▶ _Excerpted data_:
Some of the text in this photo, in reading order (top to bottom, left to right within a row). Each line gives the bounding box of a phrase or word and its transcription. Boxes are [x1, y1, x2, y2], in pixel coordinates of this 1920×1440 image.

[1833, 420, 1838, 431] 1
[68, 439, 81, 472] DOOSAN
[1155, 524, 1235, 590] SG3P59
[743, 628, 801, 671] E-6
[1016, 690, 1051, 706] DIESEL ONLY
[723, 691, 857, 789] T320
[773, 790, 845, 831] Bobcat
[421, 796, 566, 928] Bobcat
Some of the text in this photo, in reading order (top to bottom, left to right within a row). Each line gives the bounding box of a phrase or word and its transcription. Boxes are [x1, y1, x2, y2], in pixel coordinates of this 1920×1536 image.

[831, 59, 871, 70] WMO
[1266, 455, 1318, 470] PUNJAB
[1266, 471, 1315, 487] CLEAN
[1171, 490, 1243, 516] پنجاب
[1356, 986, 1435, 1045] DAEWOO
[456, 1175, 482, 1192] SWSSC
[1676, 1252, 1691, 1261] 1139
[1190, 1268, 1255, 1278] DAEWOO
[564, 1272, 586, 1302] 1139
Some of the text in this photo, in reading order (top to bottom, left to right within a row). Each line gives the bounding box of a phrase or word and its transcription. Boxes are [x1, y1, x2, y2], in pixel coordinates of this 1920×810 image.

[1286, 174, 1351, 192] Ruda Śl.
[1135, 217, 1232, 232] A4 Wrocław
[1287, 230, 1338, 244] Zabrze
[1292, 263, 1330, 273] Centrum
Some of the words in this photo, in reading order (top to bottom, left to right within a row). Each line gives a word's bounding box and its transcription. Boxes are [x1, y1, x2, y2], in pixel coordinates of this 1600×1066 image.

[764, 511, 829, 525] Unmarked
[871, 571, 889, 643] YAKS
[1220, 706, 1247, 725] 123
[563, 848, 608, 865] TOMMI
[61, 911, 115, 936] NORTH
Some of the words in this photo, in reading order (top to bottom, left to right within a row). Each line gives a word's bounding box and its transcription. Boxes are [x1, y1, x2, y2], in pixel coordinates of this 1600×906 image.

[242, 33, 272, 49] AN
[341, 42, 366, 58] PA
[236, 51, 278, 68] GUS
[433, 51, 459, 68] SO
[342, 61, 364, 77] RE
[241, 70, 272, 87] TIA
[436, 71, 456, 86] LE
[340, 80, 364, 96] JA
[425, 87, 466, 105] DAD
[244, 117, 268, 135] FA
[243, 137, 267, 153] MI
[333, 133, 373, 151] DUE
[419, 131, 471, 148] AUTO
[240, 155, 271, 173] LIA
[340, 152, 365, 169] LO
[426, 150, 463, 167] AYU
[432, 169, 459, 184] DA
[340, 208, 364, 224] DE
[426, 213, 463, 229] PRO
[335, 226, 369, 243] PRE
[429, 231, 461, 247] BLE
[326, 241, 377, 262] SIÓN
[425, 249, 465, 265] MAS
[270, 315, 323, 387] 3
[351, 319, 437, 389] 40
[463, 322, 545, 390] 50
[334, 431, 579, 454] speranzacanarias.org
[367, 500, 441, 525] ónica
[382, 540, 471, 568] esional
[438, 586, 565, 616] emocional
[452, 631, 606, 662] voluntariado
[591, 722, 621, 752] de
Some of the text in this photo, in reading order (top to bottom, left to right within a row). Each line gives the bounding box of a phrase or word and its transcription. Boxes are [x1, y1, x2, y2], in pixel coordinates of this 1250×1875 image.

▶ _Task requirements_:
Set down the data once more, exactly as shown above.

▶ _Completed exercise_:
Some of the text in this photo, in reading order (top to bottom, left to right within a row). Each line gives the bounding box of a phrase or word and its transcription. Boxes are [x1, y1, x2, y2], in pixel coordinates of this 1920×1440 image.

[1833, 420, 1838, 431] 1
[68, 439, 81, 472] DOOSAN
[1155, 524, 1235, 590] SG3P59
[743, 628, 801, 671] E-6
[1016, 690, 1051, 706] DIESEL ONLY
[723, 691, 857, 789] T320
[773, 790, 845, 831] Bobcat
[421, 796, 566, 928] Bobcat
Some of the text in this photo, in reading order (top to bottom, left to right within a row). Each line gives the bounding box of a phrase or word and its transcription. Boxes are [x1, y1, x2, y2], in pixel coordinates of this 1920×1536 image.

[831, 59, 871, 70] WMO
[1266, 455, 1318, 470] PUNJAB
[1266, 471, 1315, 487] CLEAN
[1171, 490, 1243, 516] پنجاب
[1356, 986, 1435, 1045] DAEWOO
[456, 1175, 482, 1192] SWSSC
[1676, 1252, 1691, 1261] 1139
[1190, 1268, 1255, 1278] DAEWOO
[564, 1272, 586, 1302] 1139
Some of the text in this photo, in reading order (top to bottom, left to right within a row). Each line gives the bounding box of a phrase or word and its transcription. Boxes are [x1, y1, x2, y2], in pixel coordinates of this 1920×810 image.

[1286, 174, 1351, 192] Ruda Śl.
[1135, 217, 1232, 232] A4 Wrocław
[1287, 230, 1338, 244] Zabrze
[1292, 263, 1330, 273] Centrum
Some of the words in this photo, in reading order (top to bottom, left to right within a row). Each line gives a word's bounding box and its transcription. Boxes are [x1, y1, x2, y2], in pixel coordinates of this 1600×1066 image.

[764, 511, 829, 525] Unmarked
[871, 571, 889, 643] YAKS
[1220, 706, 1247, 725] 123
[563, 848, 608, 865] TOMMI
[61, 911, 115, 936] NORTH
Some of the words in this photo, in reading order (top to bottom, left to right within a row). Each line gives a word's bounding box and its transcription. Boxes are [x1, y1, x2, y2], in pixel coordinates of this 1600×906 image.

[242, 33, 272, 49] AN
[341, 42, 366, 58] PA
[236, 51, 278, 68] GUS
[433, 51, 459, 68] SO
[342, 61, 364, 77] RE
[241, 70, 272, 87] TIA
[436, 71, 456, 86] LE
[340, 80, 364, 96] JA
[425, 87, 466, 105] DAD
[244, 117, 268, 135] FA
[243, 137, 267, 153] MI
[333, 133, 373, 151] DUE
[419, 131, 471, 148] AUTO
[240, 155, 271, 173] LIA
[340, 152, 365, 169] LO
[426, 150, 463, 167] AYU
[432, 169, 459, 184] DA
[340, 208, 364, 224] DE
[426, 213, 463, 229] PRO
[335, 226, 369, 243] PRE
[429, 231, 461, 247] BLE
[326, 241, 377, 262] SIÓN
[425, 249, 465, 265] MAS
[270, 315, 323, 387] 3
[351, 319, 437, 389] 40
[463, 322, 545, 390] 50
[334, 431, 579, 454] speranzacanarias.org
[367, 500, 441, 525] ónica
[382, 540, 471, 568] esional
[438, 586, 565, 616] emocional
[452, 631, 606, 662] voluntariado
[591, 722, 621, 752] de
Some of the text in this photo, in reading order (top to bottom, left to right within a row). Each line gives the bounding box of a phrase or word and its transcription. Boxes are [x1, y1, x2, y2], in pixel coordinates of this 1250×1875 image.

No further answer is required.